- Born: 1860 Edinburgh, Scotland
- Died: 1945 (aged 78–79) Crail
- Education: London School of Medicine for Women
- Occupation: Doctor
- Years active: 1890 -
- Known for: Medicine
- Medical career
- Field: Obstetrics

= Alice McLaren =

Scottish doctor, gynecologist, suffragist (1860–1945)

Dr Alice McLaren (1860 - 1945) was a Scottish medical doctor, gynecologist, suffragist and advocate for women's health and women's rights. She was the first woman medical practitioner in Glasgow.

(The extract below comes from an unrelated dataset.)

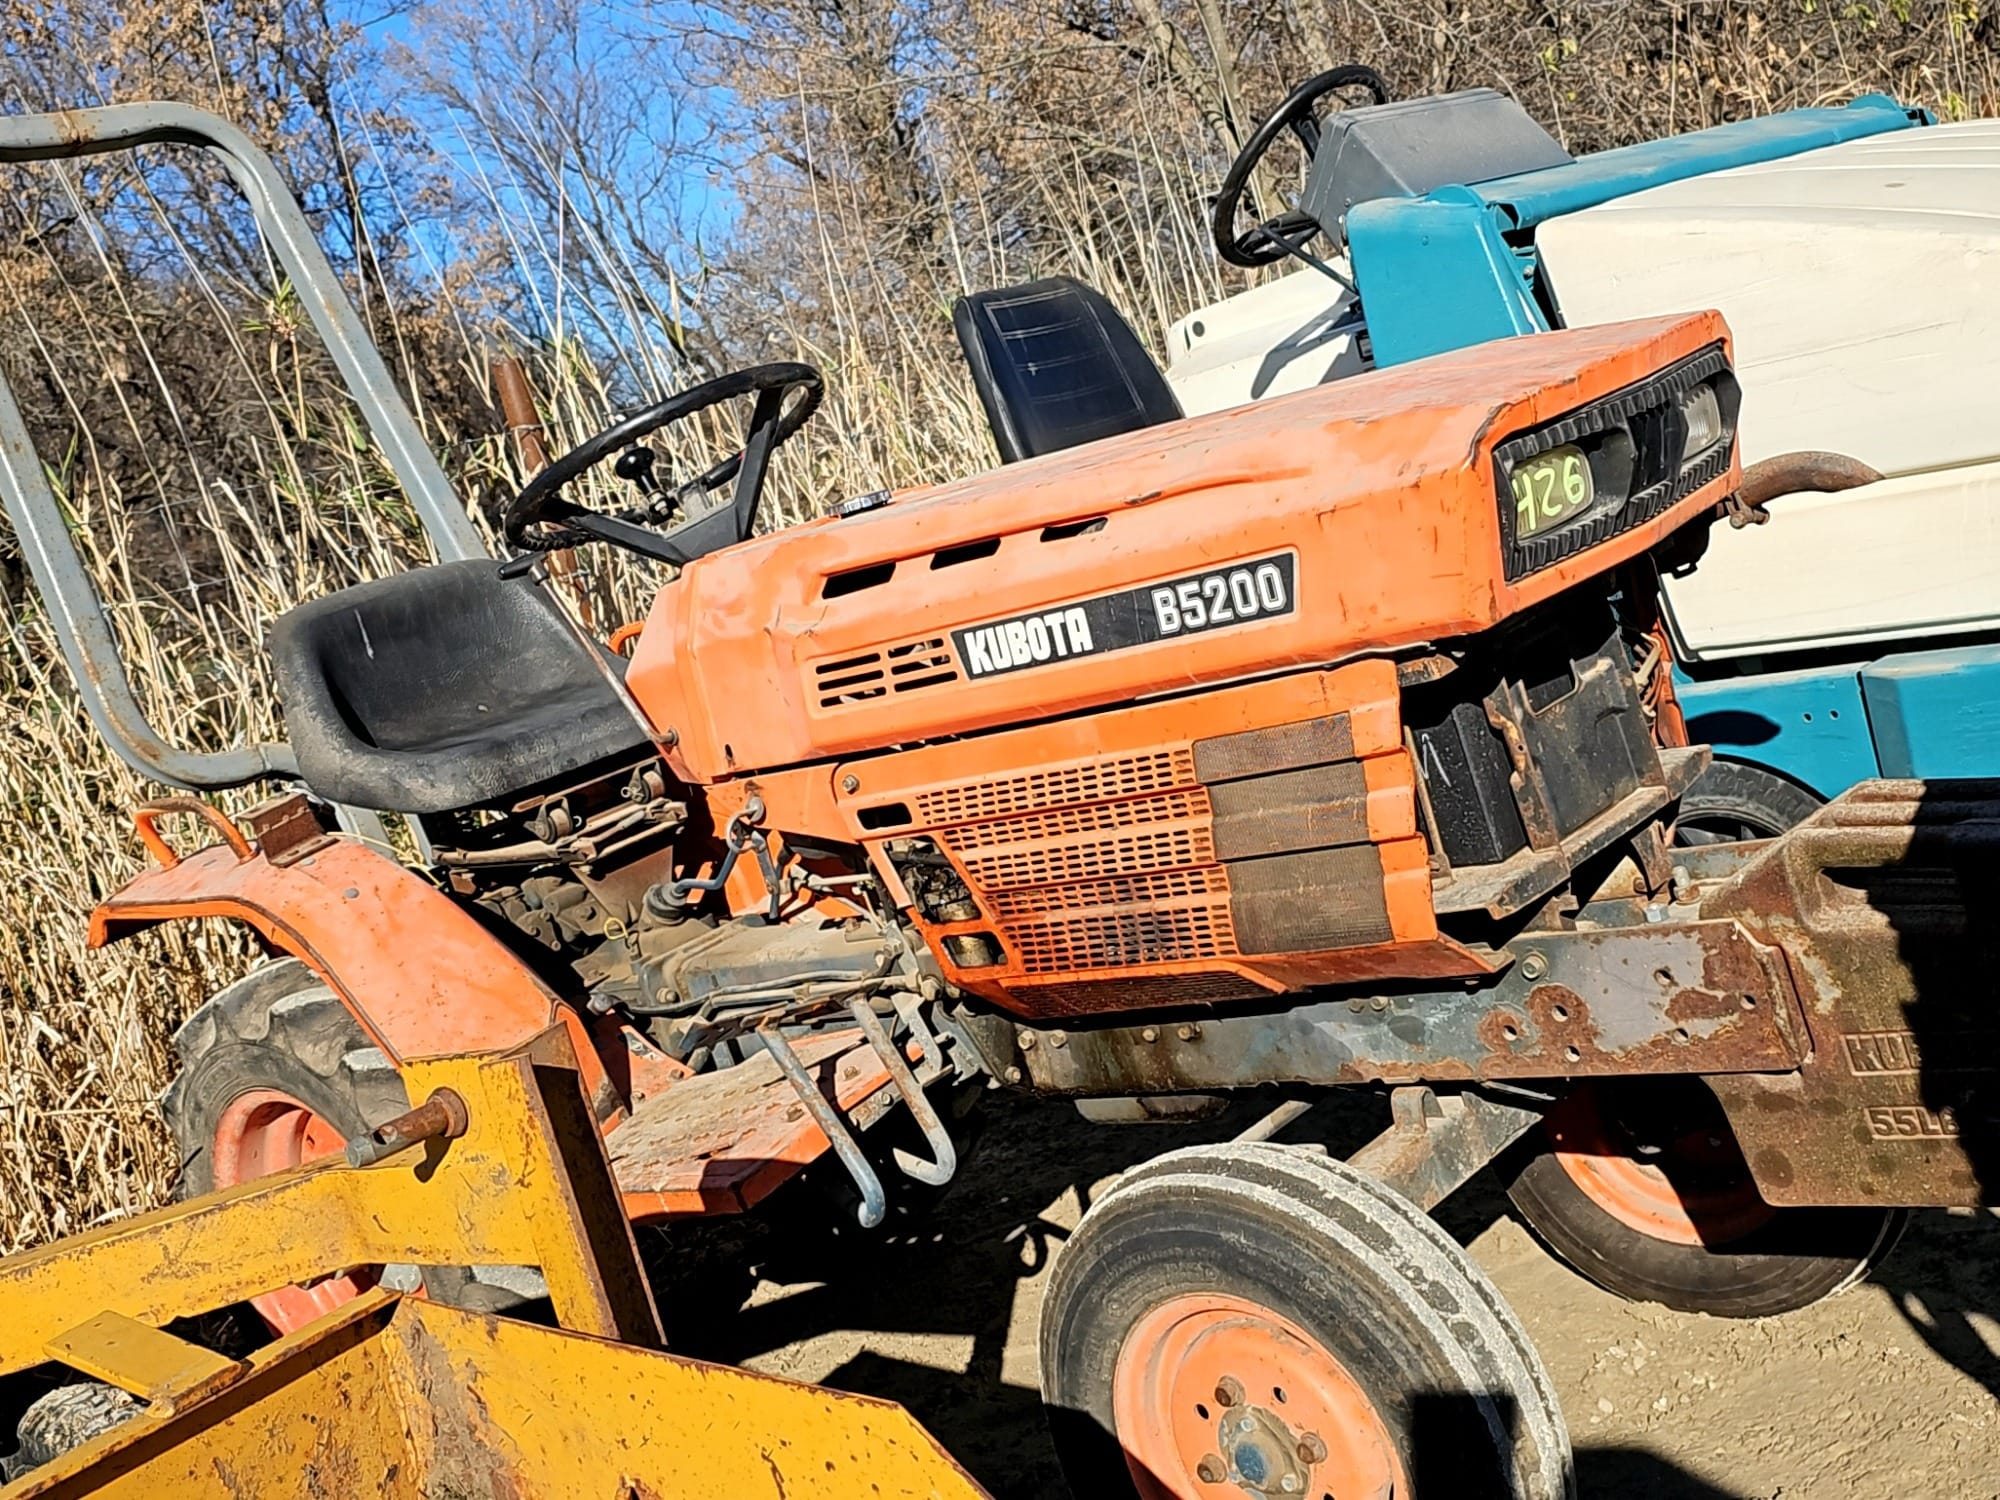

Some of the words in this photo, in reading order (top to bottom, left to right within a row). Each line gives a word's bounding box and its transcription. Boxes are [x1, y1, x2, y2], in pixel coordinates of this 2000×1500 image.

== Early life and education ==
McLaren was born in Edinburgh to William Cunningham McLaren and Maria Amelia Wilson, and was the last of six siblings. She graduated with first class honours in Medicine from University of London in 1893. McLaren trained at Glasgow Royal Infirmary.

== Medical career ==

The British Medical Journal's obituary of McLaren noted that she was the first woman gynecologist in Glasgow.
During her career, she worked in a number of institutions, including:
- Glasgow Women's Private Hospital, where she was medical superintendent
- Glasgow Lock Hospital
- Glasgow Royal Samaritan Hospital
- Royal Mental Hospital, where she was consulting Gynecolog

McLaren was a fellow of the Glasgow Obstetrical and Gynecological Society. In 1902, she was involved in founding the Glasgow Women's Private Hospital alongside Elizabeth Margaret Pace.

== Later life ==
During her time in Glasgow, she shared a house with Elizabeth Margaret Pace at 7 Newton Place until the latter's marriage in 1906. McLaren died in Crail in 1945.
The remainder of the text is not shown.